▼

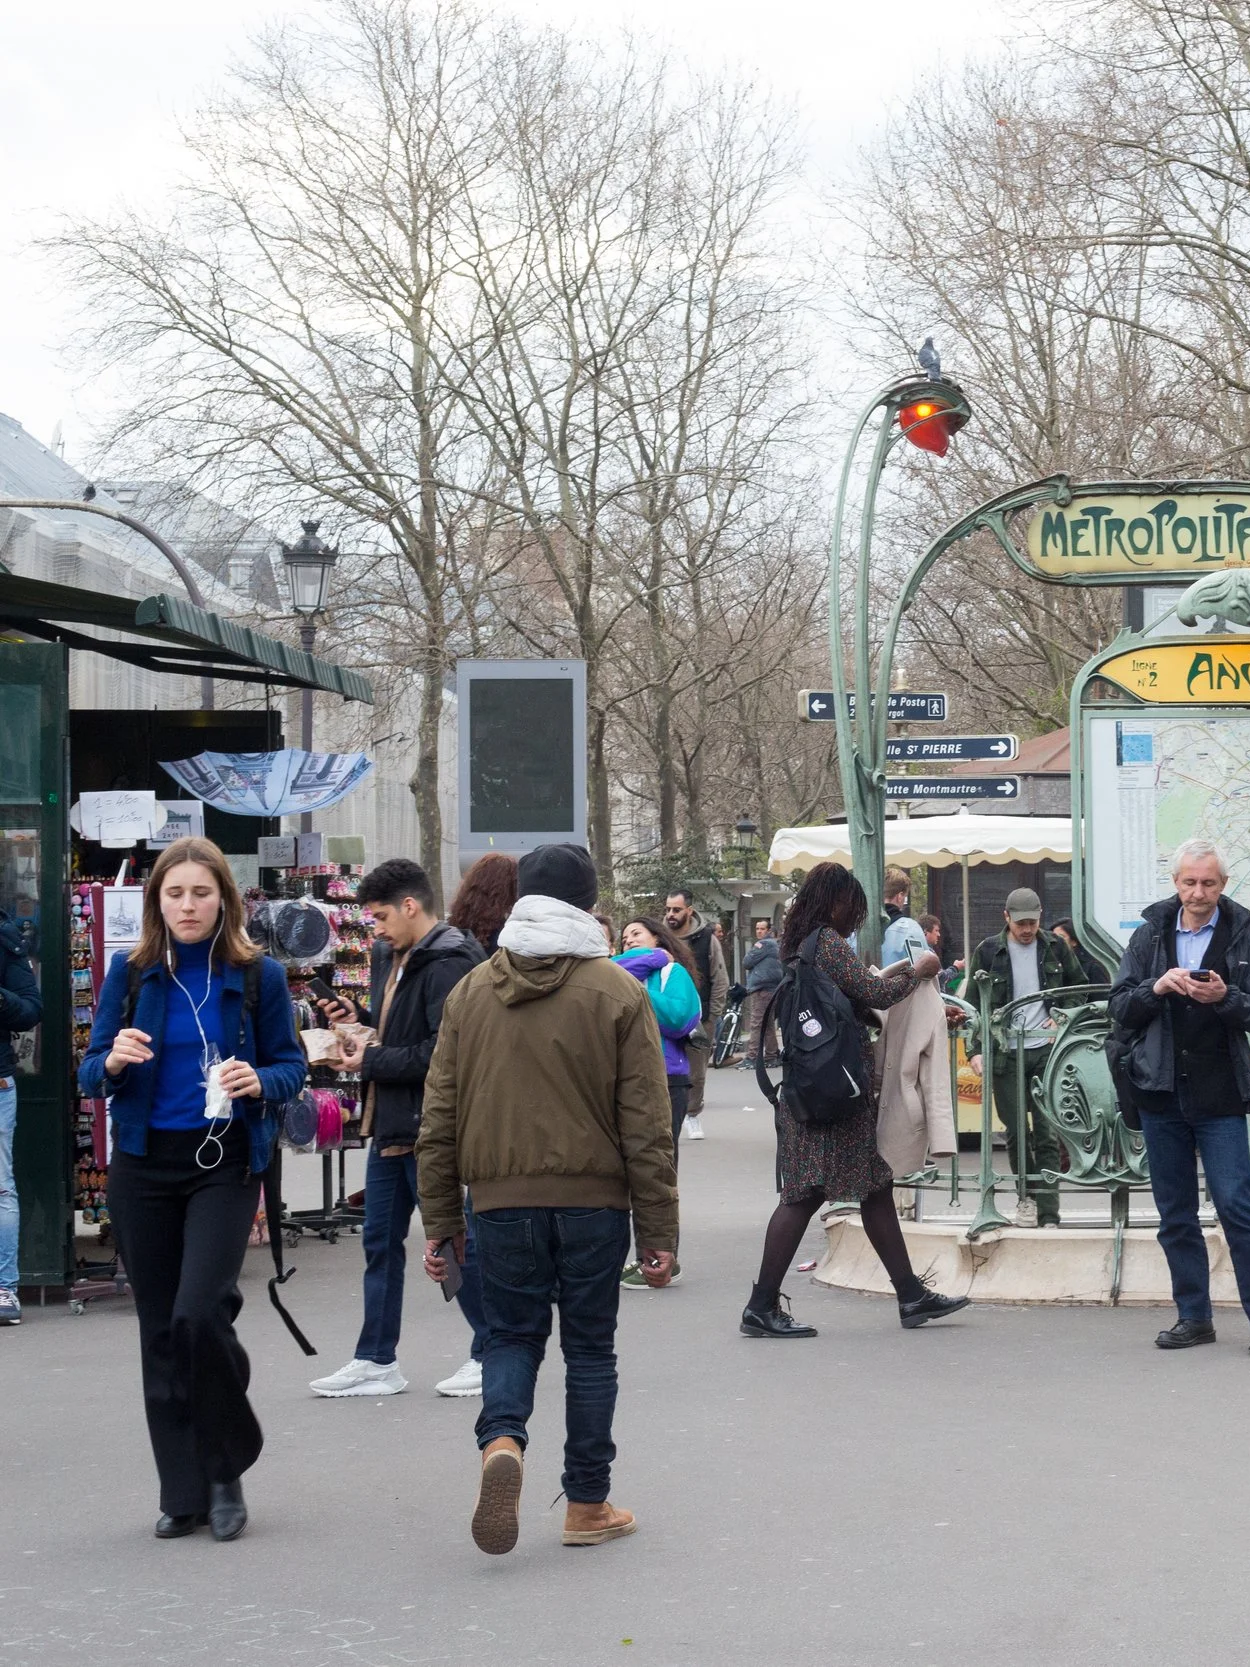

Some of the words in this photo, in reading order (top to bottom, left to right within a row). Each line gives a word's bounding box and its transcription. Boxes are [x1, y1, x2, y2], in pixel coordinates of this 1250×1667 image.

[1149, 672, 1158, 687] 2
[900, 697, 926, 706] Poste
[889, 710, 905, 718] rgot
[887, 745, 901, 754] lle
[922, 744, 962, 754] PIERRE
[887, 785, 909, 794] utte
[913, 784, 976, 794] Montmartre
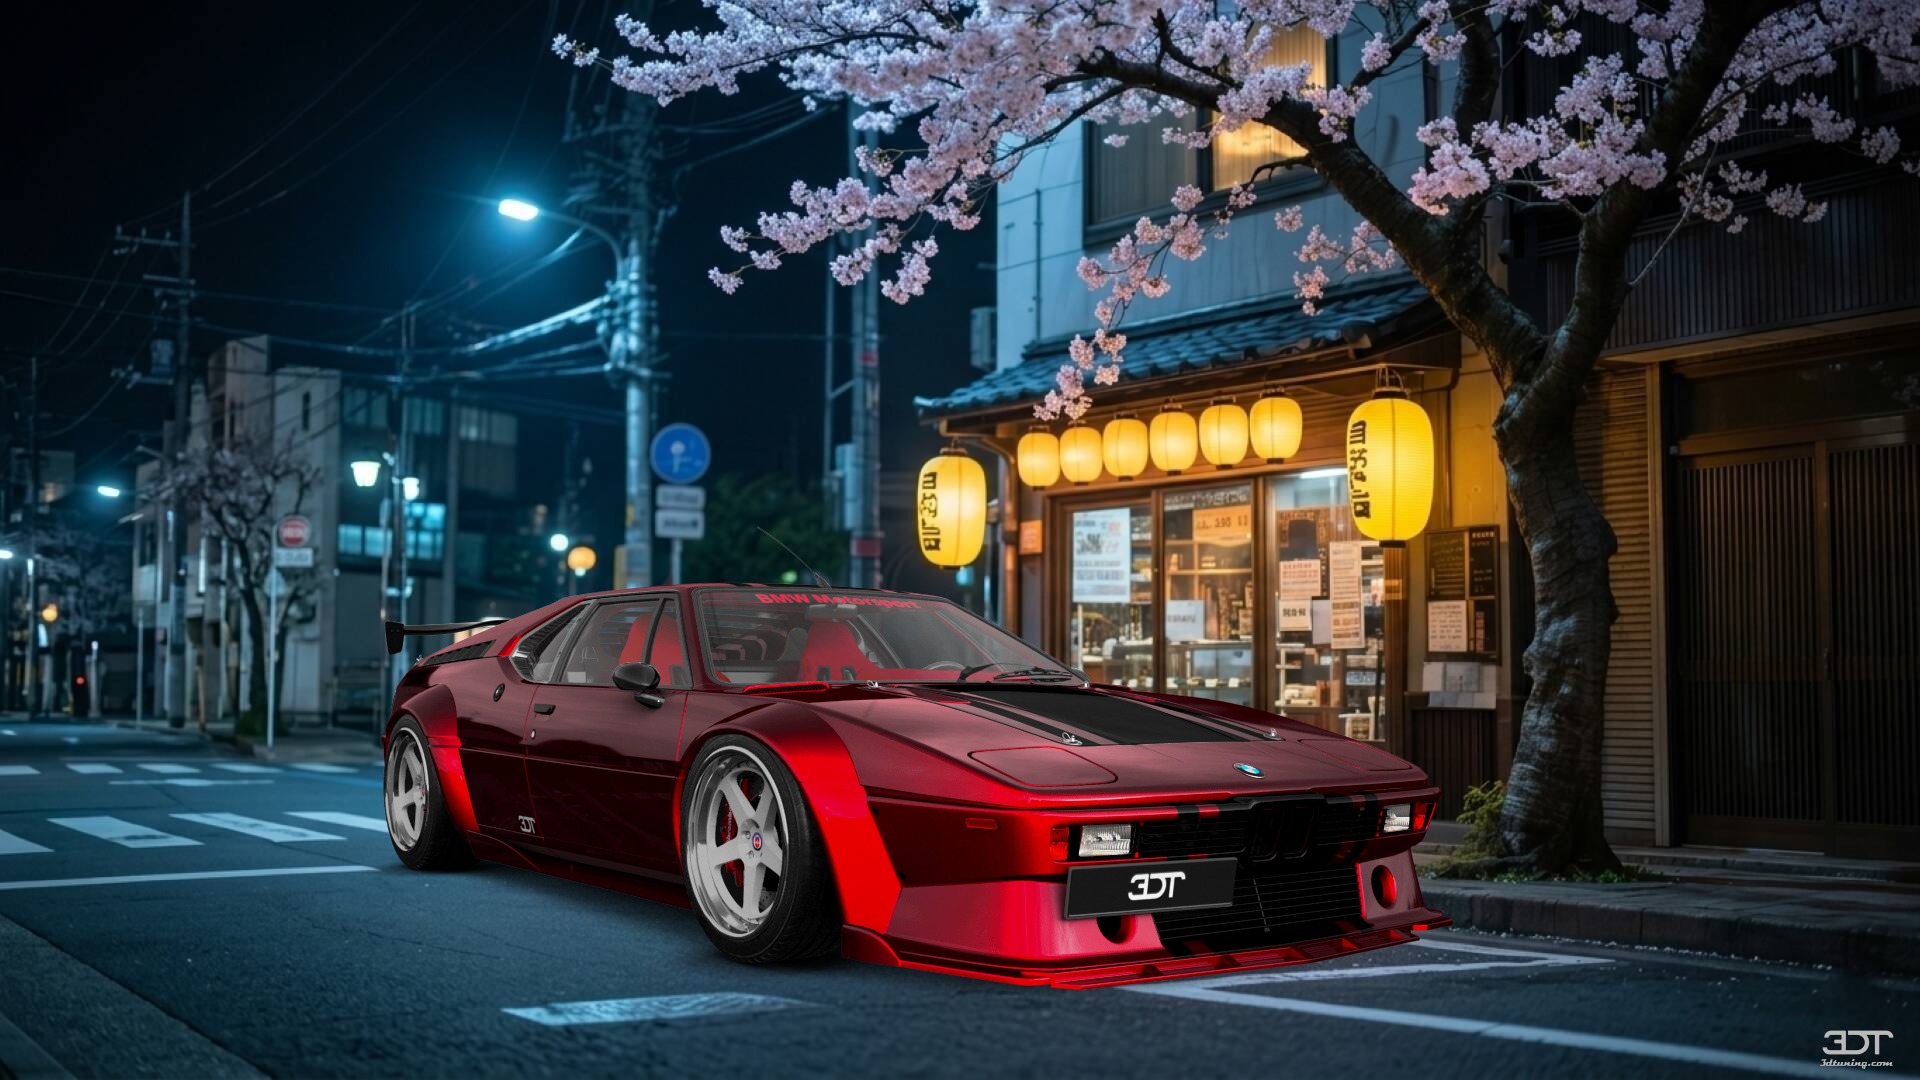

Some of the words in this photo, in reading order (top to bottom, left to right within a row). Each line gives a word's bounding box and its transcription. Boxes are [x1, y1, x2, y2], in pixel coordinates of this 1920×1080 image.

[755, 593, 810, 604] BMW
[812, 594, 921, 609] Motorsport
[518, 815, 536, 834] 3DT
[1127, 871, 1186, 901] 3DT
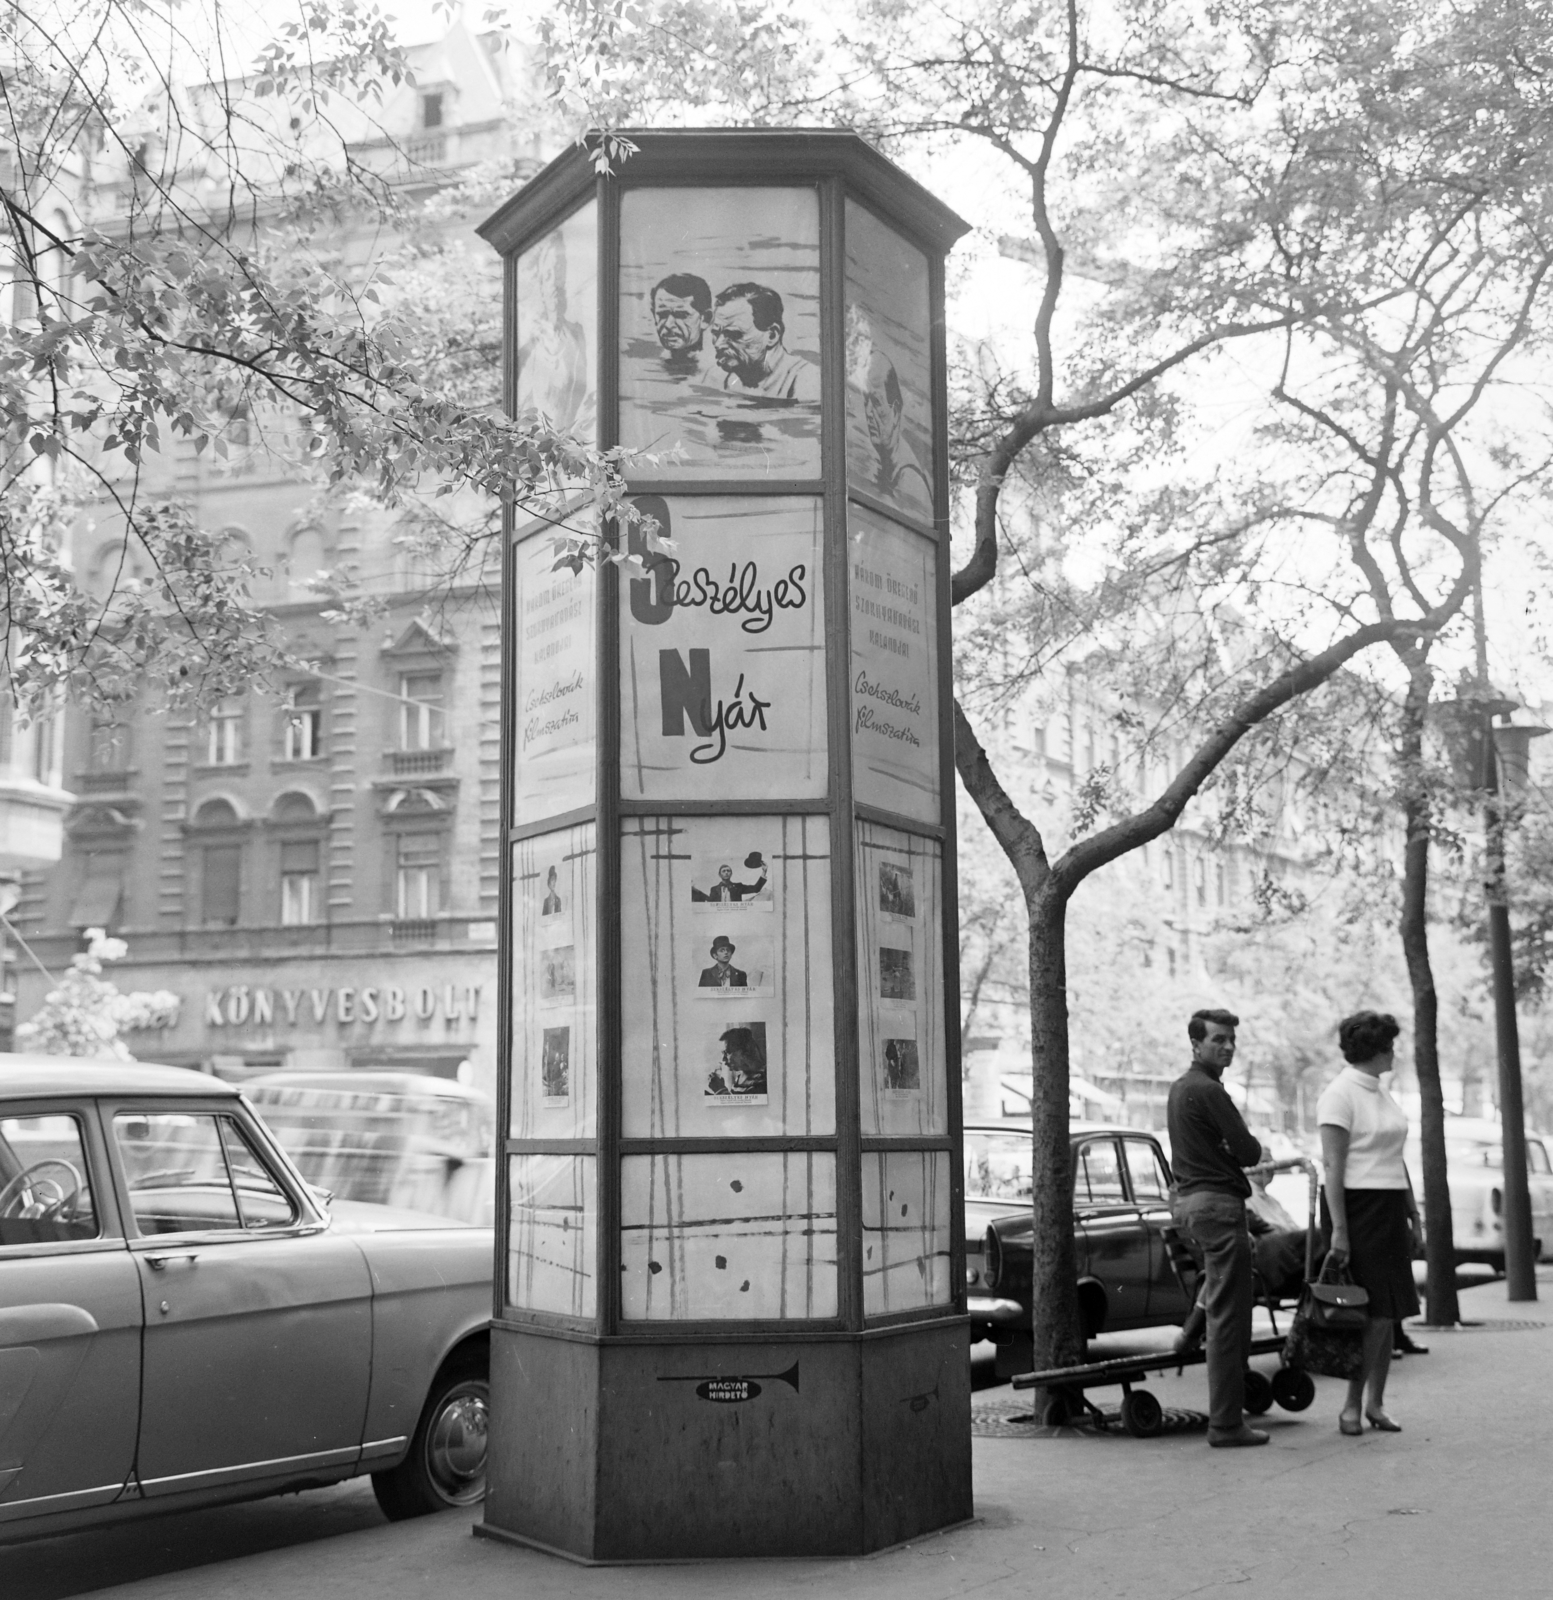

▲

■ TASK DETAILS: Each entry, start to finish, goes into your copy exactly; the pictures stay out.

■ OUTPUT FOR THIS TASK:
Some of the words in this photo, in reading order (top to bottom, left to right within a row). Each line gives a word's bounding box and its transcription. Boxes are [x1, y1, x2, y2], in pixel coordinates of this 1250×1667 image.

[1149, 672, 1158, 687] 2
[900, 697, 926, 706] Poste
[889, 710, 905, 718] rgot
[887, 745, 901, 754] lle
[922, 744, 962, 754] PIERRE
[887, 785, 909, 794] utte
[913, 784, 976, 794] Montmartre

Some of the words in this photo, in reading order (top to bottom, left to right within a row). Each line gives a word's bounding box and its transcription. Boxes are [x1, y1, x2, y2], in pixel coordinates of this 1920×1080 image.

[755, 593, 810, 604] BMW
[812, 594, 921, 609] Motorsport
[518, 815, 536, 834] 3DT
[1127, 871, 1186, 901] 3DT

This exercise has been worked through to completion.